On the political side, it’s really challenge to figure it out. All we know is based on history, the off election years have increasingly received issue money and again, it’s very hard to predict what those issues would be. We got a terrific amount of issued money centered around healthcare in 2009. That probably doesn’t repeat in 2011, but I have no doubt with the nation so divided over so many issues that we will – I think that was the beginning of a trend of starting to see more issue money and political dollars in off election years.

Rich Schmaeling

I guess its Republicans take the house and seek the repeal. Obama can …

Vince Sadusky

Yes.

Rich Schmaeling

We could see a bunch of issue money in healthcare.

Vince Sadusky

It could be.

Rich Schmaeling

And then, maybe we see some early activity from the 2012 presidential election cycle and 2011 also. So, if you look at what we did in 2009, be about $13 million in gross political. We did $7 million in 2008, we come thick of those as the book ends for 2007, thank you – for what we think is likely in 2011, we’ll go from there.

What we’ve seen is that overtime the political category has consistently grown and I think that’s an important thing to think about because clearly with this recent Supreme Court ruling, there’s more money in our political system that there has been in past cycles and we sure expect to see that in ‘11 and ‘12.

Bishop Cheen – Wells Fargo Securities

And with regard to the notes?

Rich Schmaeling

With regards to the notes, we keep looking at that pretty hard. We will refinance the 6.5% notes comfortably in advance of their maturity in 2013. One could speculate that QE2 actually pushes down long rates further and maybe we see some benefit from that reduction in the yield curve in the high yield market.

So, we’re looking at our options. We keep penciling it out and we think we have plenty of options and we’ll move when we think there’s the optimal opportunity.

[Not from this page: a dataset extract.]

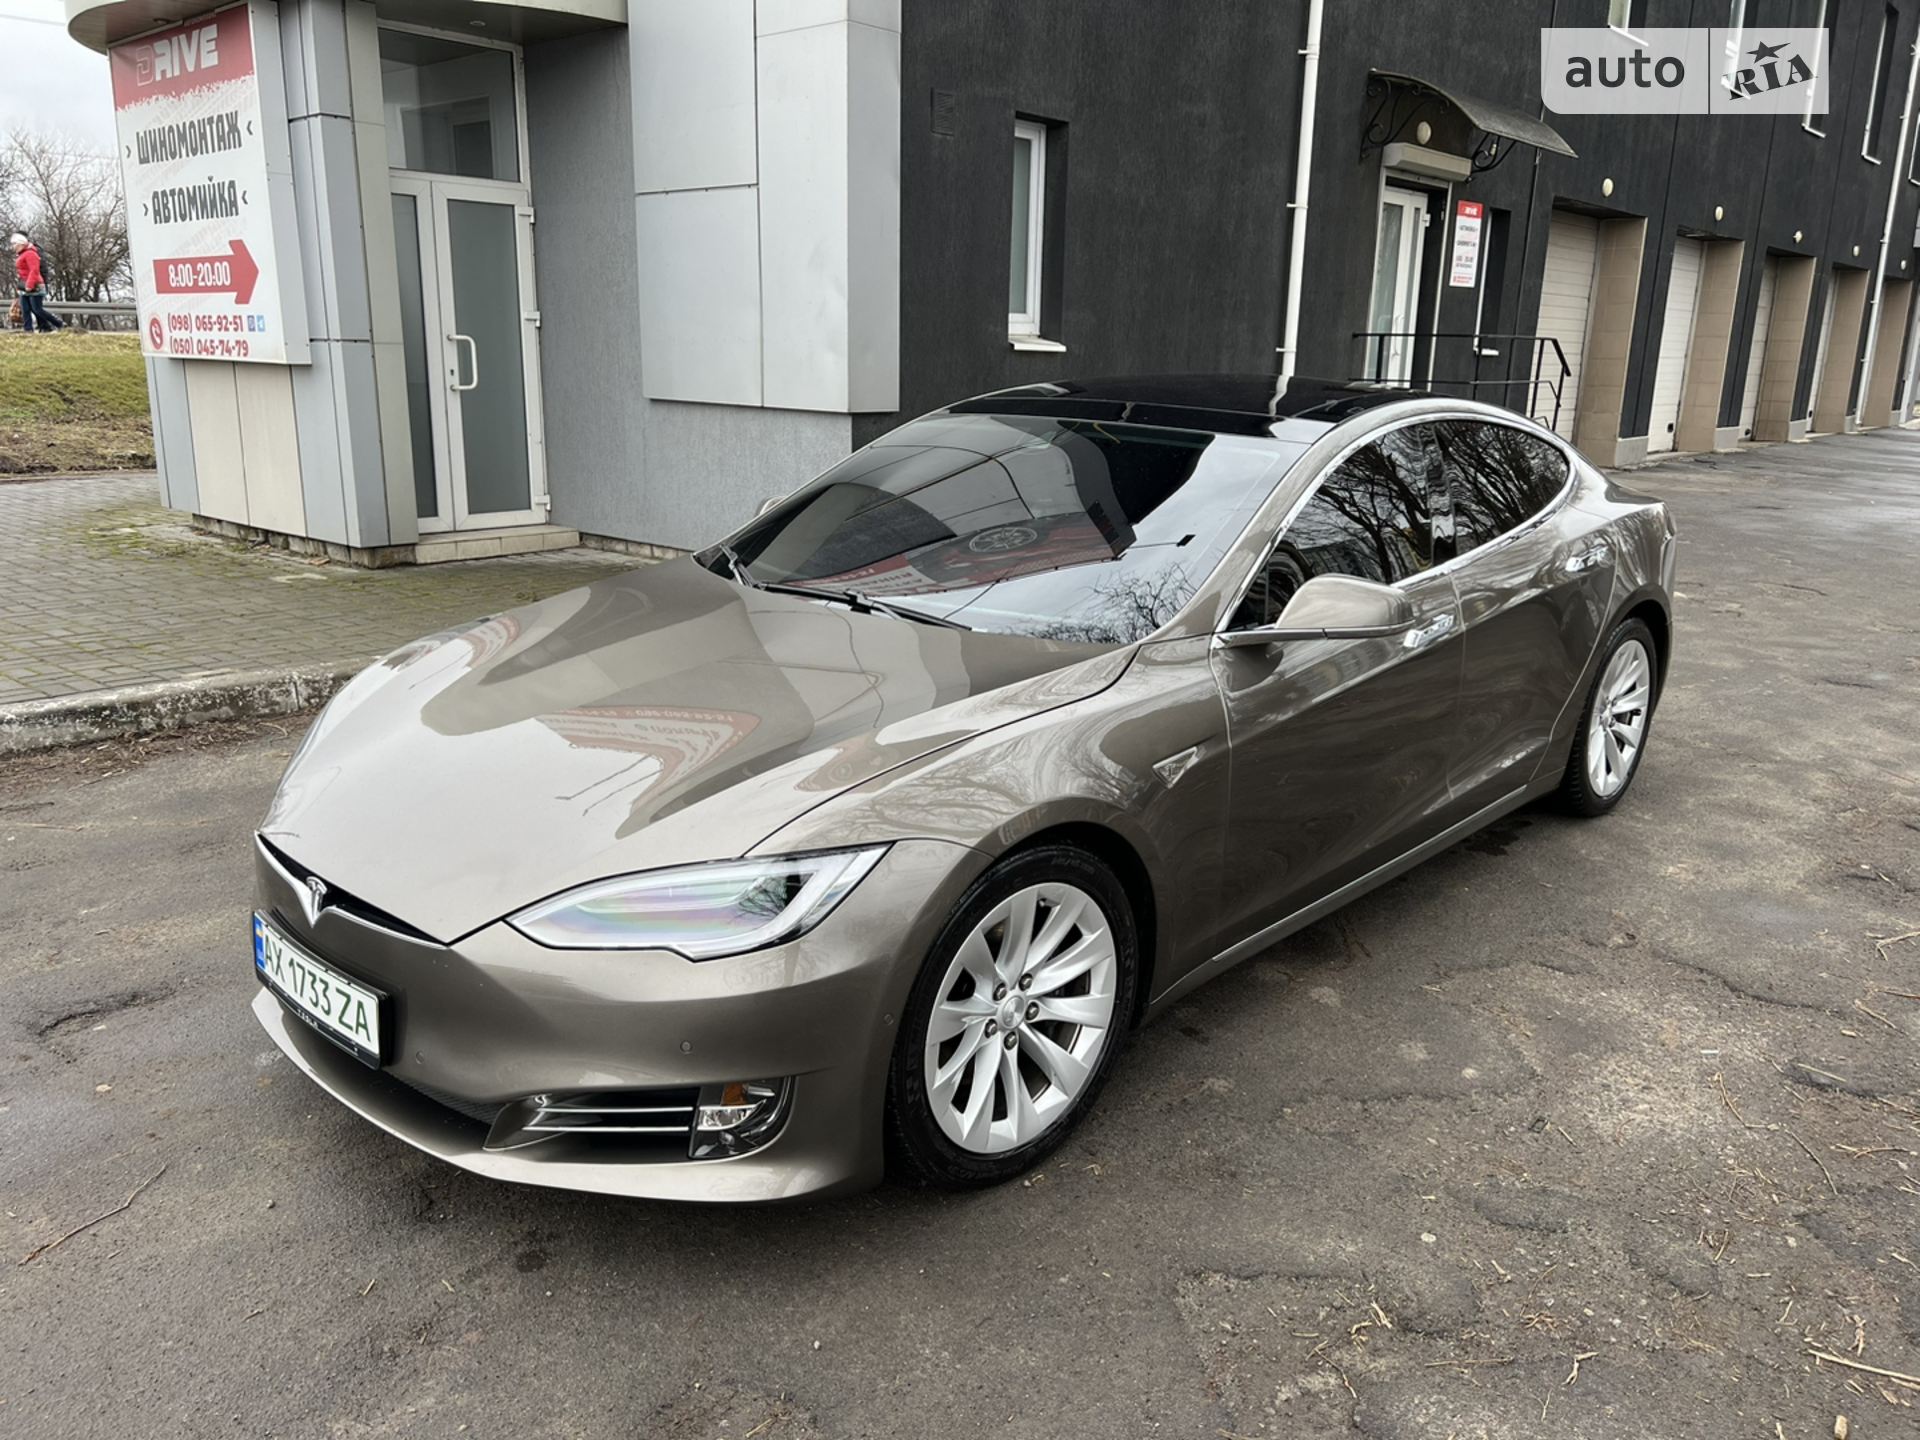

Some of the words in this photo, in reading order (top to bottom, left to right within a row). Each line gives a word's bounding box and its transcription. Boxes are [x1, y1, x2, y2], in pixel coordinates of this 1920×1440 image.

Bishop Cheen – Wells Fargo Securities

Okay. Fair enough. And Vince, congratulations on the Mobile Coalition.

Vince Sadusky

Thank you.

Bishop Cheen – Wells Fargo Securities

Now, like the right man for the right job at the right time.

Vince Sadusky

I’m not sure about that, but we’ll do our best. Thank you.

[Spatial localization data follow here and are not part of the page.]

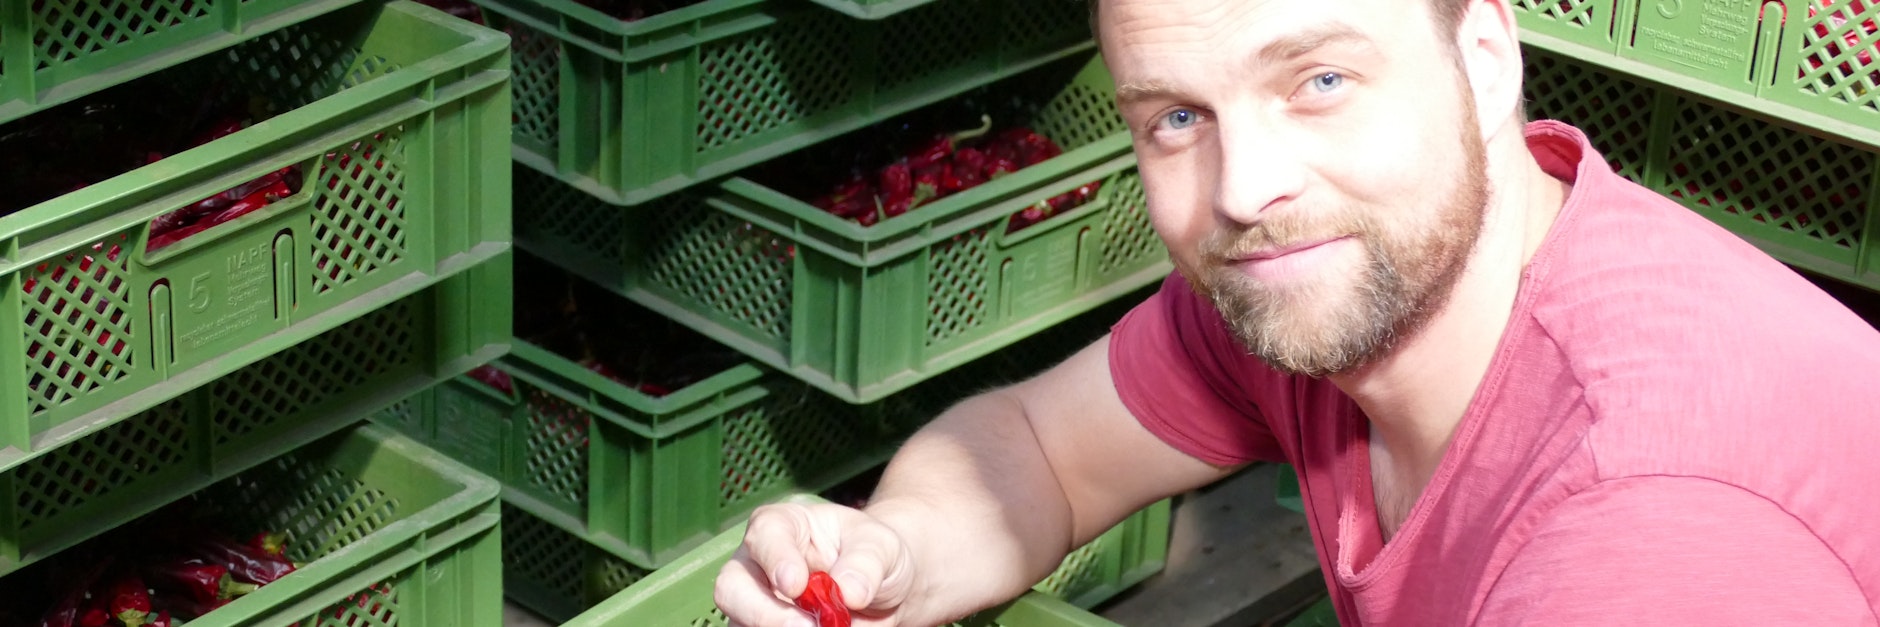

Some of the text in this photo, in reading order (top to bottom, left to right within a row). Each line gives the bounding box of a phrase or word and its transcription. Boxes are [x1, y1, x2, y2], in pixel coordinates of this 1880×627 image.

[1699, 25, 1736, 43] System
[227, 243, 268, 272] NAPF
[189, 271, 211, 313] 5
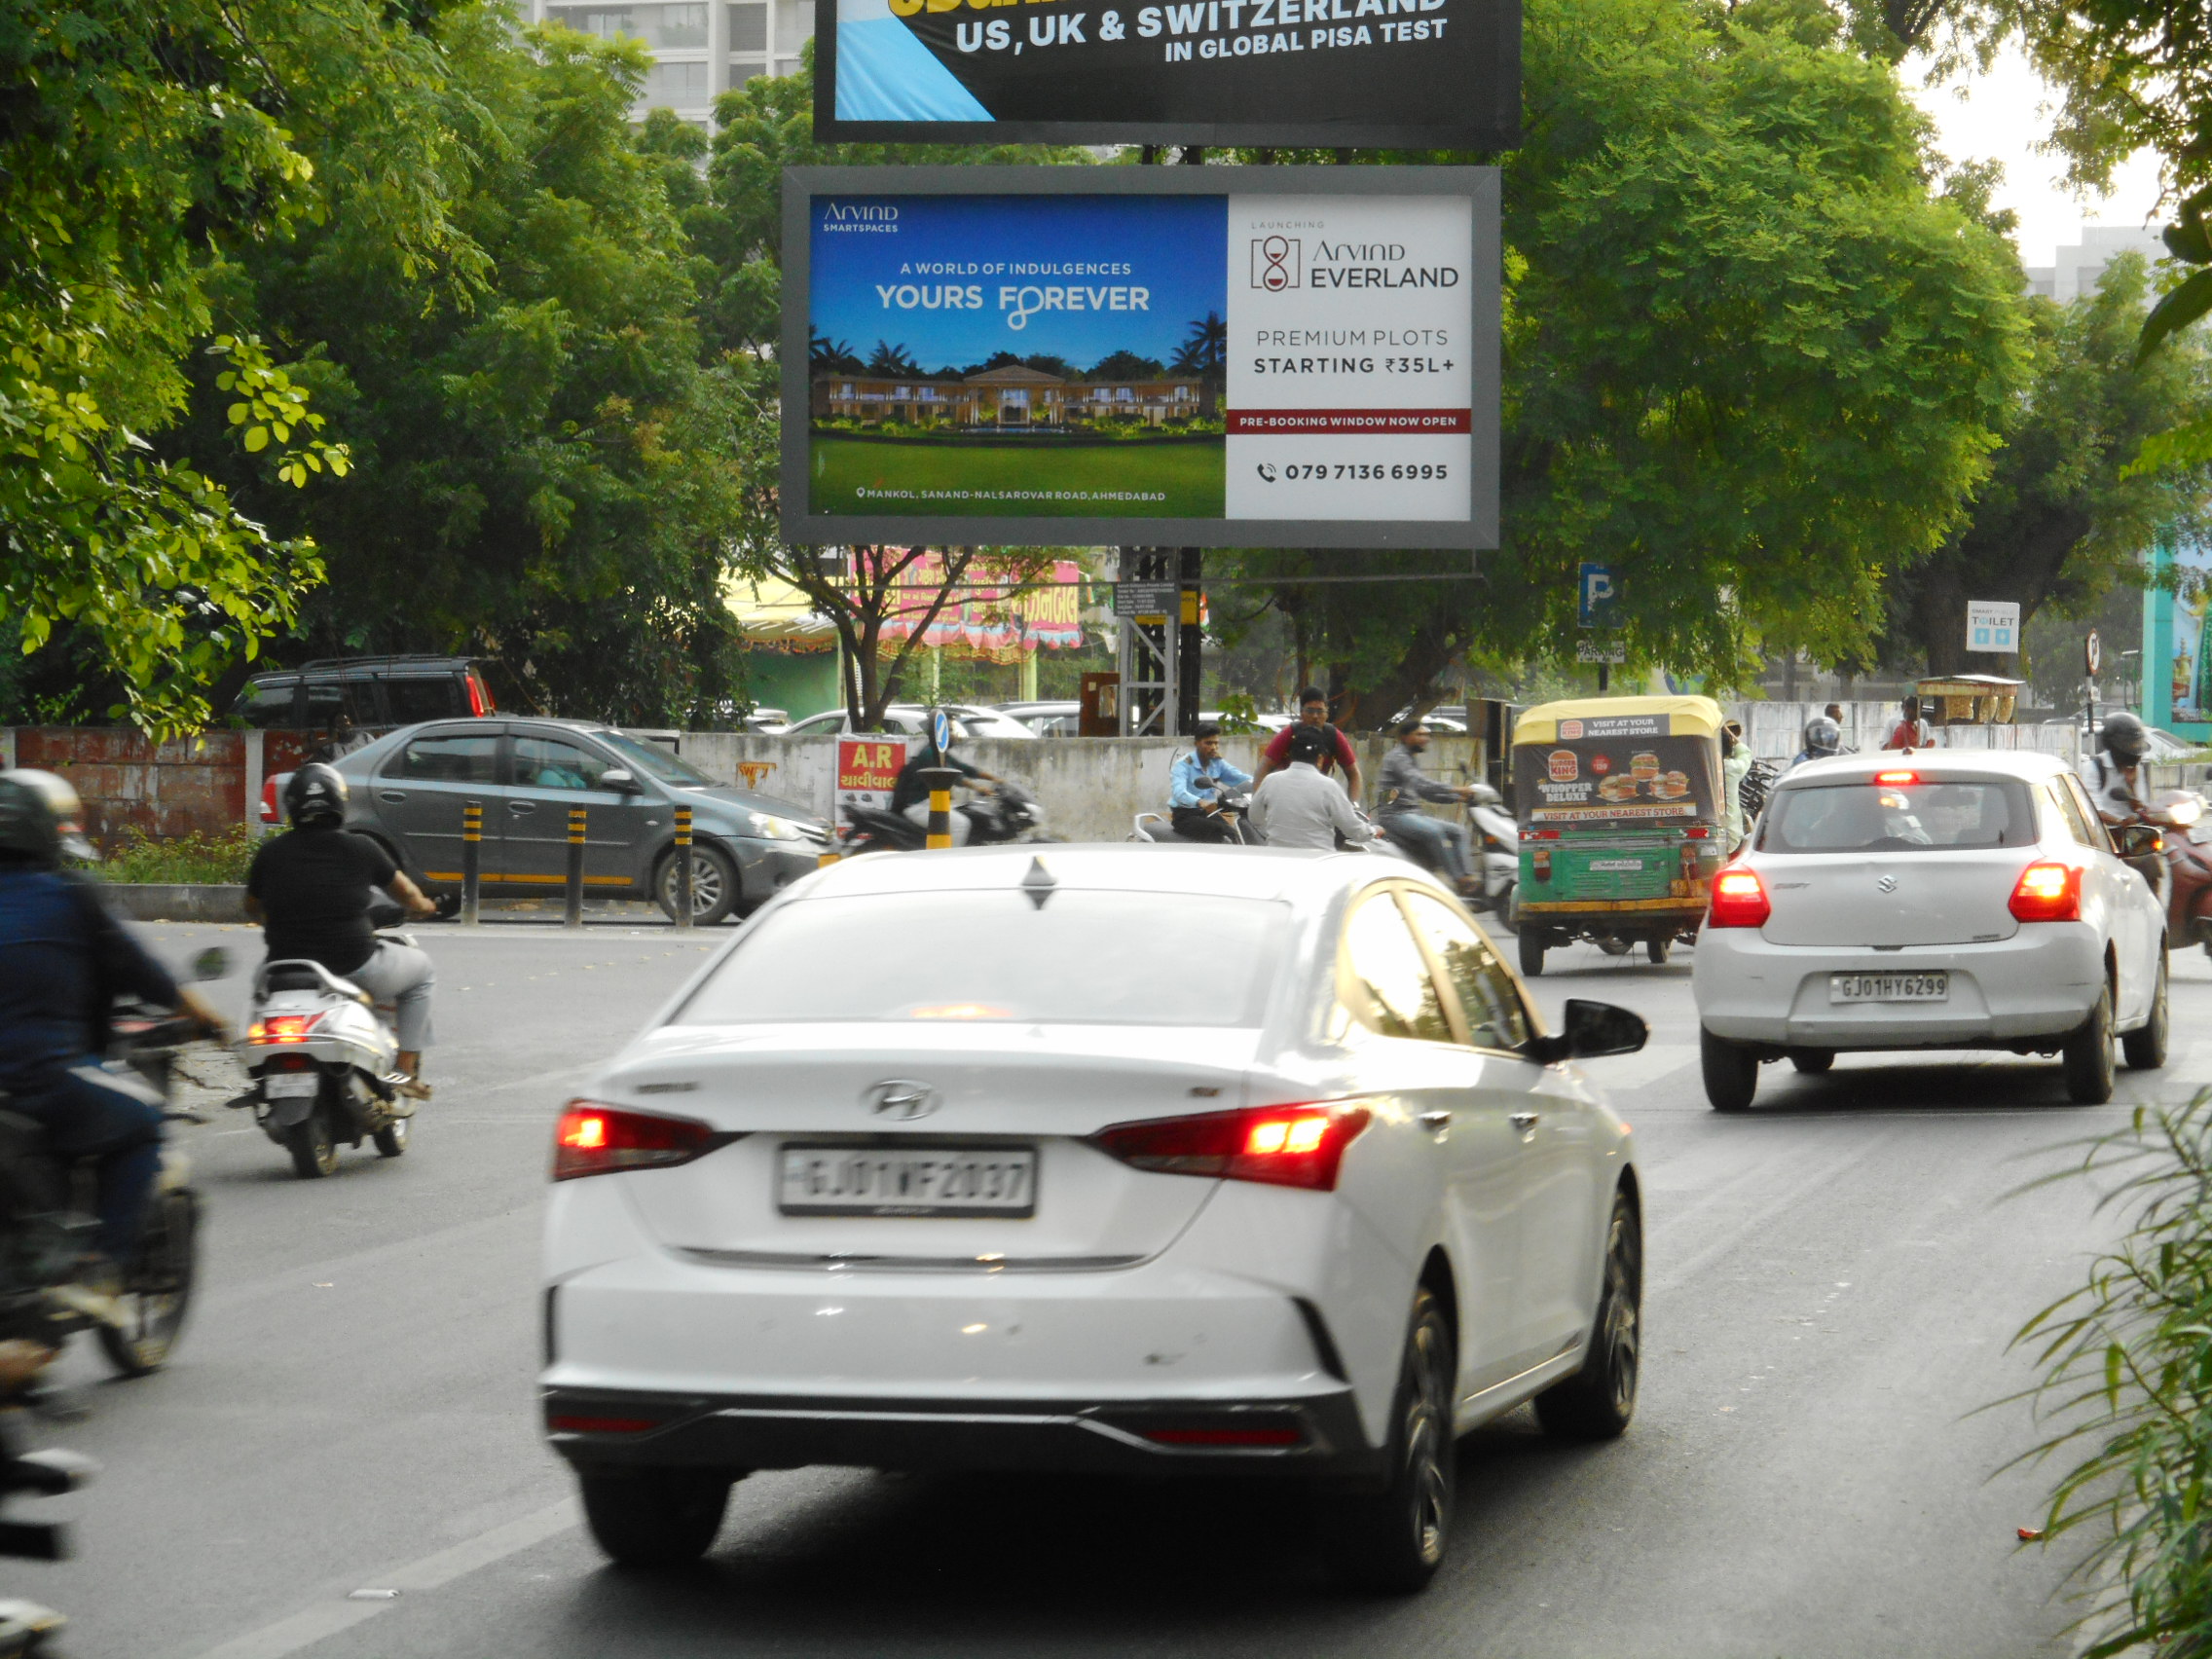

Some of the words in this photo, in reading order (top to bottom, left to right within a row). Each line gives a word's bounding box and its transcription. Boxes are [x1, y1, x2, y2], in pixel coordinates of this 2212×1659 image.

[1099, 11, 1125, 41] &
[1165, 42, 1193, 61] IN
[1199, 32, 1304, 58] GLOBAL
[1311, 26, 1372, 49] PISA
[1380, 18, 1448, 42] TEST
[824, 224, 899, 233] SMARTSPACES
[901, 263, 911, 275] A
[916, 263, 978, 275] WORLD
[982, 263, 1005, 275] OF
[1010, 263, 1131, 275] INDULGENCES
[1311, 268, 1458, 287] EVERLAND
[876, 285, 983, 309] YOURS
[1000, 286, 1150, 330] FOREVER
[1257, 331, 1366, 346] PREMIUM
[1374, 330, 1448, 345] PLOTS
[1254, 358, 1374, 373] STARTING
[1385, 357, 1455, 372] ₹35L+
[1240, 417, 1327, 426] PRE-BOOKING
[1331, 417, 1386, 426] WINDOW
[1389, 417, 1419, 426] NOW
[1422, 417, 1456, 425] OPEN
[1285, 465, 1328, 479] 079
[1334, 465, 1384, 479] 7136
[1391, 464, 1448, 479] 6995
[921, 490, 1052, 499] SANAND-NALSAROVAR
[1587, 573, 1614, 611] P
[1972, 616, 2014, 626] TOILET
[1592, 719, 1614, 728] VISIT
[1629, 719, 1654, 727] YOUR
[1588, 728, 1628, 737] NEAREST
[1629, 726, 1658, 735] STORE
[852, 744, 893, 768] A.R
[1551, 766, 1576, 775] KING
[1539, 783, 1592, 793] WHOPPER
[1546, 792, 1587, 802] DELUXE
[1544, 812, 1567, 821] VISIT
[1569, 811, 1581, 820] AT
[1583, 810, 1607, 820] YOUR
[1609, 808, 1652, 818] NEAREST
[1654, 807, 1684, 816] STORE
[1842, 978, 1945, 997] GJ01HY6299

Bishop Cheen – Wells Fargo Securities

Okay. Thank you.

Operator

And ladies and gentlemen, we had time for one final question today. It is a follow-up question form Marci Ryvicker with Wells Fargo.

Marci Ryvicker – Wells Fargo Securities

Thank you, again. Two quick ones. First of all, when does the JV get appraised? I’m assuming it’s in the process. And then, secondly, did ACME close? And what do you expect the impact to be on your financials?

Rich Schmaeling

We will conduct an appraisal of the joint venture stations as part of the preparation of our yearend financial statements and that process will be getting underway in the next weeks. It has not yet started.

The ACME, the stations, the regulatory filings are pending with the SEC. if you had maybe heard earlier; there’s been a petition to deny filed by Time Warner that’s …

Marci Ryvicker – Wells Fargo Securities

Time Warner Cable, yes.

Rich Schmaeling

Yes, that’s likely to slow us down a little bit. So, we do anticipate that we close those transactions some time in 2011. The questions is when.

Vince Sadusky

Yes, the key though to that is we’re operating those television stations underneath our management arrangement with ACME. So, we’ve already done a lot of work around those television stations on the infrastructure side and on the sales side as well.

Marci Ryvicker – Wells Fargo Securities

So, how much do we expect in incremental revenue and expenses?

Rich Schmaeling

What we said is that there’ll be incremental EBITDA next year of 3ish million. And the revenue incrementally, that was – it’s about $8.5 million on a full year and that started to effect of July 1st this year. So, next year is about half of that incrementally.

Marci Ryvicker – Wells Fargo Securities

Great. Thank you so much.

Operator

And that does conclude our question and answer session today. At this time, I’d like to turn the call back over to Mr. Sadusky for any closing remarks.

Vince Sadusky

Okay. Well, thank you all for your continued interest in LIN Television and we’ll continue to update you next quarter. Thank you.

Scott Blumenthal

Bye.

Operator

This does conclude today’s conference. We appreciate your participation.